Palabra de Montuenga:
- Mejor clásico leído este año: Bel Ami, de Guy de Maupassant
- Mejor novela española: El novio del mundo, de Felipe Benitez Reyes
- Mejor novela extranjera: Los colores del incendio, de Pierre Lemaître
- Obra maestra polémica donde las haya: El desembarco, de Jean Raspail
- Mejor novela negra: El último barco, de Domingo Villar
- Relectura que nunca defrauda: La saga fuga de J.B., de Gonzalo Torrente Ballester
- Mejor western: Warlock, de Oakley Hall
- Mejor ensayo: La edad de la ira, de Pankaj Mishra.
- Distopía más esperada aunque algo fallida: Los testamentos, de Margaret Atwood.
- Peor novela con diferencia: Juego de mentiras, de Ruth Ware.

Palabra de Francesc Bon
- Propósitos para 2020: Conseguir que el tsundoku rebaje sus proporciones amenazadoras, o se fusione con el cajón de los cables. Salir de la zona de confort. Y plantear, quizás, si la próxima ya debería ser la última oportunidad para Pynchon.
- Mejor novela leída en el año: Por el regusto tras los meses, cualquiera de las tres de Zuckerman desencadenado, de Philip Roth
- Novedad tolerada: El colgajo, de Philippe Lançon, por cruda y por ver cómo nos transforma experimentar la violencia
- Me lo imaginaba más grande: Todos los hermosos caballos, de Cormac Mc Carthy
- Satisfyer literario: Walt Whitman ya no vive aquí de Eduardo Lago
- Toque de atención: a Michel Houellebecq, por los momentos autoparódicos en Serotonina

Palabra de Carlos Andia:
- Mejor novela en castellano: El silenciero, de Antonio Di Benedetto, y Prins, de César Aira (próxima reseña)
- Mejor novela en otros idiomas: Mapa de una ausencia, de Andrea Bajani, , y Vértigo, de W.G. Sebald
- Tocho anual (para no perder músculo, pero nada más): La muerte de Arturo, de Thomas Malory
- Una incursión en el microrrelato: Ojos de aguja (recopilación)

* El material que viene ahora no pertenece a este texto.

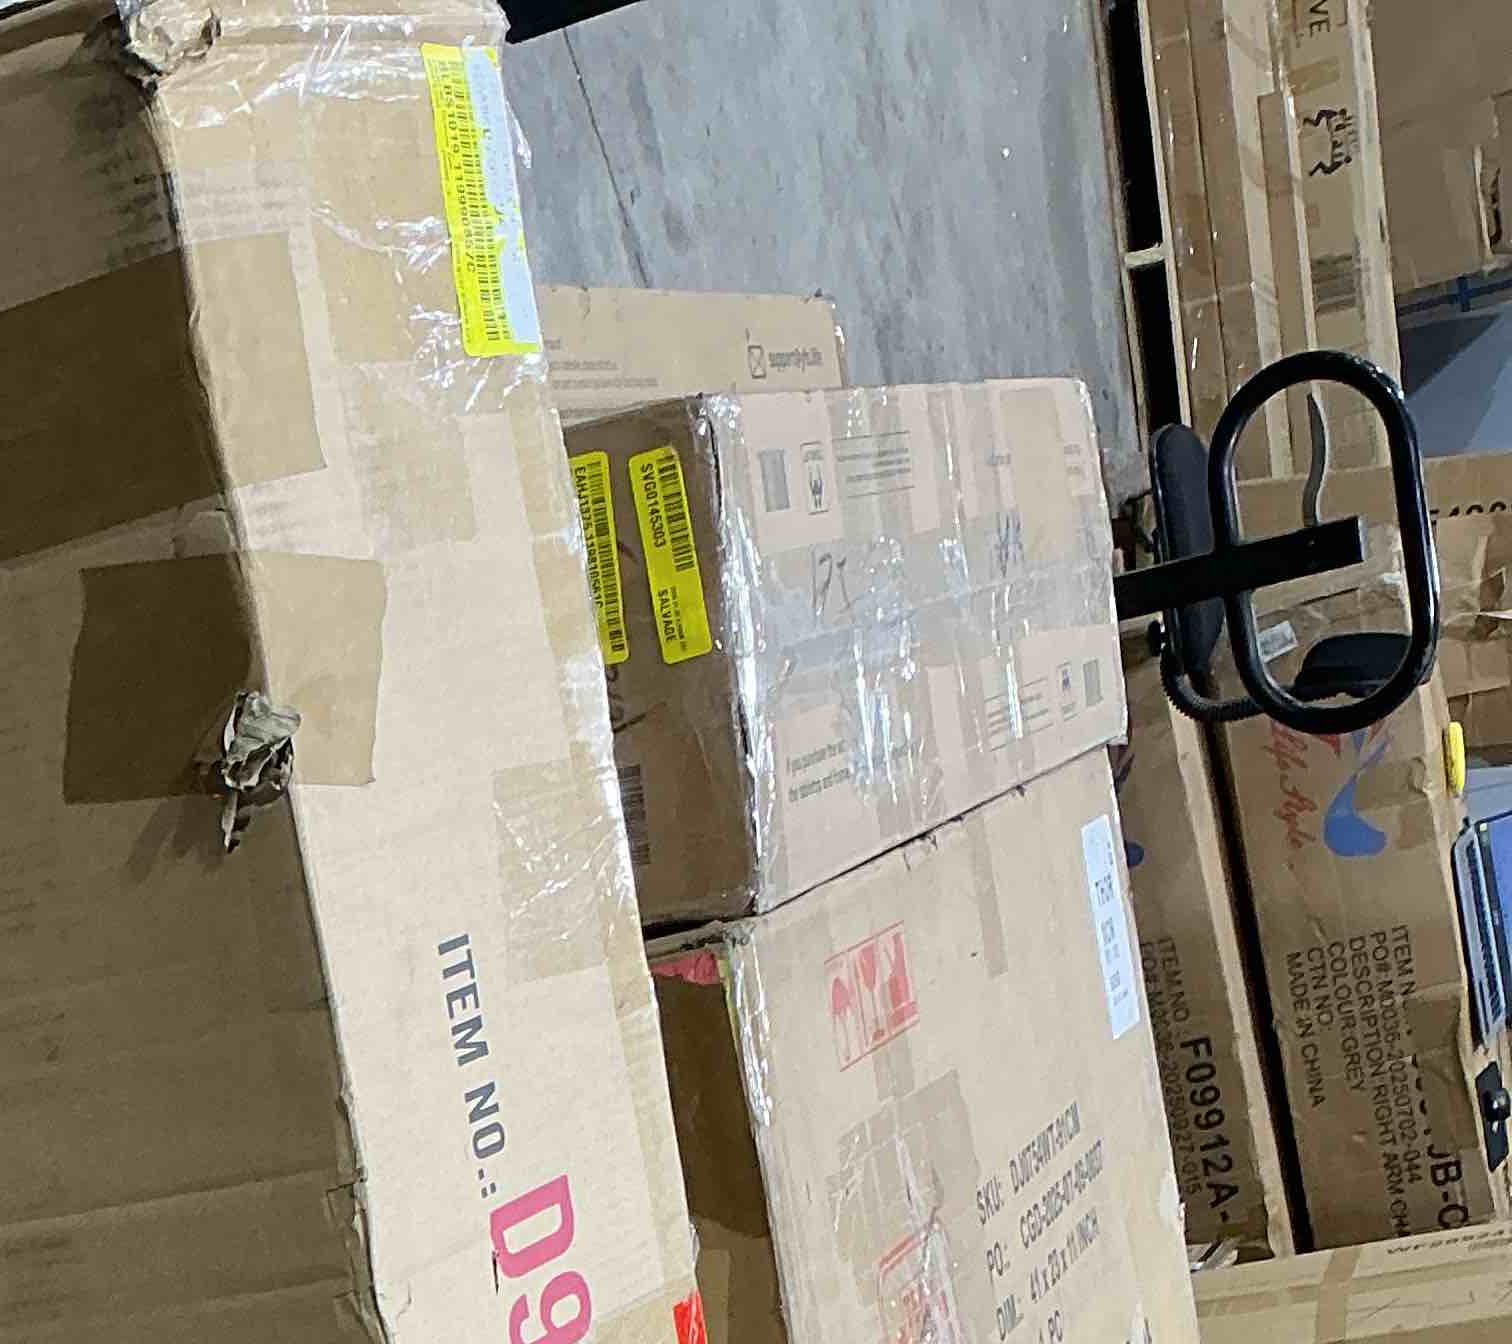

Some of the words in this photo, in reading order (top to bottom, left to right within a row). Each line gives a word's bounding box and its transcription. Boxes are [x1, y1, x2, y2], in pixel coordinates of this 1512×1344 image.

[1307, 947, 1328, 997] CTN
[1392, 925, 1413, 978] ITEM
[437, 933, 489, 1066] ITEM
[1286, 951, 1311, 1013] MADE
[1296, 1018, 1313, 1039] IN
[1300, 1044, 1326, 1109] CHINA
[1382, 1151, 1406, 1199] ARM
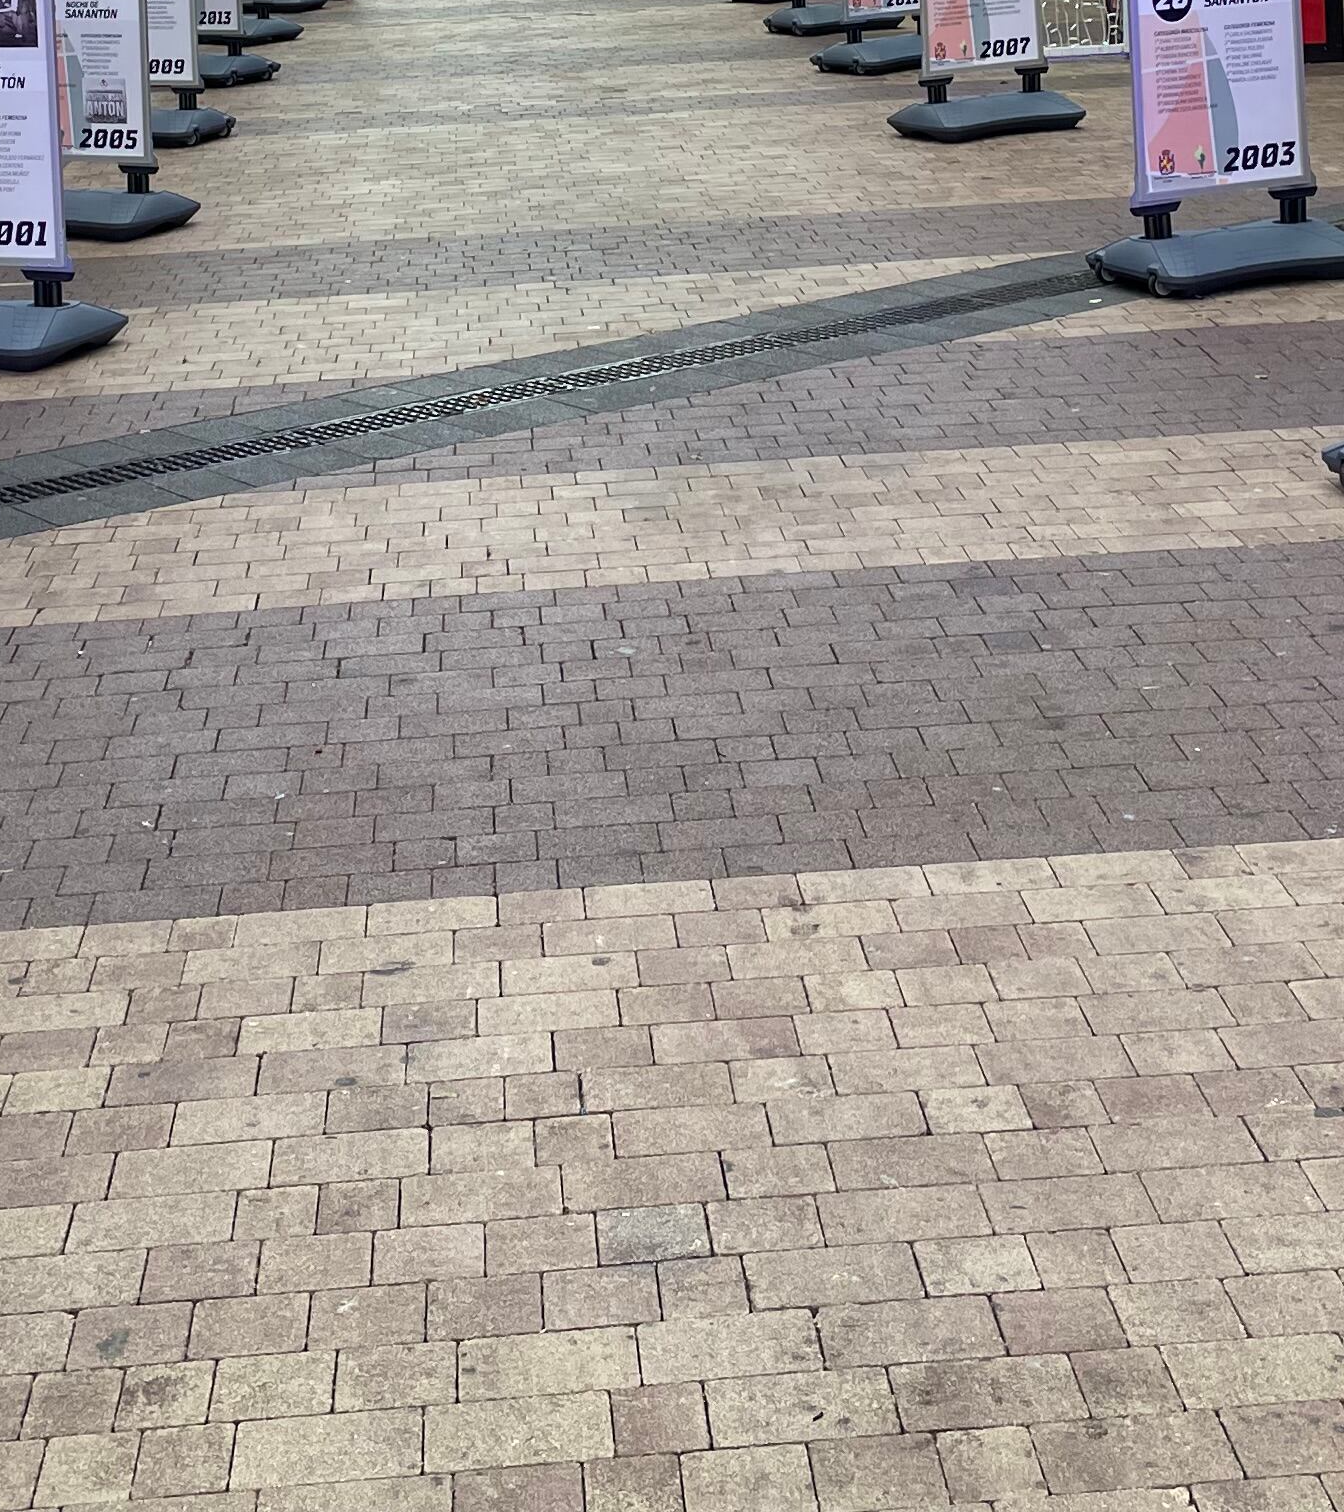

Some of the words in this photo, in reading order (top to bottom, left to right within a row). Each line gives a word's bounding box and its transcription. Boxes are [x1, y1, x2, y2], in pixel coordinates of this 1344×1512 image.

[199, 11, 232, 25] 2013
[980, 37, 1031, 59] 2007
[79, 128, 138, 150] 2005
[1223, 141, 1295, 172] 2003

- Relectura del año: El unicornio, de Manuel Mujica Laínez
- Mejor ensayo: El elogio de la sombra, de Junichiro Tanizaki
- Ensayo científico: El jinete pálido, de Laura Spinney
- Mejor libro de relatos: El ídolo caído, de Graham Greene
- Mejor obra de teatro (aunque tampoco había mucho donde elegir): El cementerio de automóviles, de Fernando Arrabal
- Peligro de agotamiento inminente: Enrique Vila-Matas (Esta bruma insensata, y quizá no más)
- Decepciones: varias, puede que más de lo normal, pero para qué les vamos a dar más cancha.